### YOUR ASSIGNMENT
Restate the data below, keeping every line the same.
=== Begin Enclosure ===
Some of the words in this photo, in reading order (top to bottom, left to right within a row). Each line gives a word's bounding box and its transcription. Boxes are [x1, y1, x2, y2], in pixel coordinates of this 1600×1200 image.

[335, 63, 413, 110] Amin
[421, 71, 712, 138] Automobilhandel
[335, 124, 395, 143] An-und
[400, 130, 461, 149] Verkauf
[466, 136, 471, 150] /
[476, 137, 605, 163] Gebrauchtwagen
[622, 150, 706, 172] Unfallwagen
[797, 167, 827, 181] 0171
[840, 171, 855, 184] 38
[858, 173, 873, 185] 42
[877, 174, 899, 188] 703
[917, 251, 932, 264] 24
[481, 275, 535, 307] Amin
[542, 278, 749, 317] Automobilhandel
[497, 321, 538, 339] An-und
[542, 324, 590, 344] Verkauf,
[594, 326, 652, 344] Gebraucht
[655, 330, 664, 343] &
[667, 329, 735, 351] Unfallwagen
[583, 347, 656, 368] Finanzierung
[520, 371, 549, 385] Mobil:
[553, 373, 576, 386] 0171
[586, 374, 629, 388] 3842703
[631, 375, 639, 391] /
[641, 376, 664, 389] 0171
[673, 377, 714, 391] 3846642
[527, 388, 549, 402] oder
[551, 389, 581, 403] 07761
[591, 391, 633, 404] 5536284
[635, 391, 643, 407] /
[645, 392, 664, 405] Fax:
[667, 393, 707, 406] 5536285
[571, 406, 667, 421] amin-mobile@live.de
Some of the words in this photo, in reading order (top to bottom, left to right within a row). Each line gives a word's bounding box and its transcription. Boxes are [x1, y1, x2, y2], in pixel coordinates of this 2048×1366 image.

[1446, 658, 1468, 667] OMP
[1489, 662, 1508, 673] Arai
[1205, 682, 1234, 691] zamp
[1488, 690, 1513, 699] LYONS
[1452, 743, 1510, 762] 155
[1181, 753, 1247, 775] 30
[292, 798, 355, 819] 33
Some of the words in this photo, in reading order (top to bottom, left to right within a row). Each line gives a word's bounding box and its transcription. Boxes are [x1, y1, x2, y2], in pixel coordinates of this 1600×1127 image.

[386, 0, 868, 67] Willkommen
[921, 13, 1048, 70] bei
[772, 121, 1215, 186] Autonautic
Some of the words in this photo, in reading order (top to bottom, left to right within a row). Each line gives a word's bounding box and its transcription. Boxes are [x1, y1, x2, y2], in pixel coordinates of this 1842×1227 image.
=== End Enclosure ===
### RESPONSE TO THE TASK
Some of the words in this photo, in reading order (top to bottom, left to right within a row). Each line gives a word's bounding box and its transcription. Boxes are [x1, y1, x2, y2], in pixel coordinates of this 1600×1200 image.

[335, 63, 413, 110] Amin
[421, 71, 712, 138] Automobilhandel
[335, 124, 395, 143] An-und
[400, 130, 461, 149] Verkauf
[466, 136, 471, 150] /
[476, 137, 605, 163] Gebrauchtwagen
[622, 150, 706, 172] Unfallwagen
[797, 167, 827, 181] 0171
[840, 171, 855, 184] 38
[858, 173, 873, 185] 42
[877, 174, 899, 188] 703
[917, 251, 932, 264] 24
[481, 275, 535, 307] Amin
[542, 278, 749, 317] Automobilhandel
[497, 321, 538, 339] An-und
[542, 324, 590, 344] Verkauf,
[594, 326, 652, 344] Gebraucht
[655, 330, 664, 343] &
[667, 329, 735, 351] Unfallwagen
[583, 347, 656, 368] Finanzierung
[520, 371, 549, 385] Mobil:
[553, 373, 576, 386] 0171
[586, 374, 629, 388] 3842703
[631, 375, 639, 391] /
[641, 376, 664, 389] 0171
[673, 377, 714, 391] 3846642
[527, 388, 549, 402] oder
[551, 389, 581, 403] 07761
[591, 391, 633, 404] 5536284
[635, 391, 643, 407] /
[645, 392, 664, 405] Fax:
[667, 393, 707, 406] 5536285
[571, 406, 667, 421] amin-mobile@live.de
Some of the words in this photo, in reading order (top to bottom, left to right within a row). Each line gives a word's bounding box and its transcription. Boxes are [x1, y1, x2, y2], in pixel coordinates of this 2048×1366 image.

[1446, 658, 1468, 667] OMP
[1489, 662, 1508, 673] Arai
[1205, 682, 1234, 691] zamp
[1488, 690, 1513, 699] LYONS
[1452, 743, 1510, 762] 155
[1181, 753, 1247, 775] 30
[292, 798, 355, 819] 33
Some of the words in this photo, in reading order (top to bottom, left to right within a row). Each line gives a word's bounding box and its transcription. Boxes are [x1, y1, x2, y2], in pixel coordinates of this 1600×1127 image.

[386, 0, 868, 67] Willkommen
[921, 13, 1048, 70] bei
[772, 121, 1215, 186] Autonautic
Some of the words in this photo, in reading order (top to bottom, left to right within a row). Each line gives a word's bounding box and its transcription. Boxes are [x1, y1, x2, y2], in pixel coordinates of this 1842×1227 image.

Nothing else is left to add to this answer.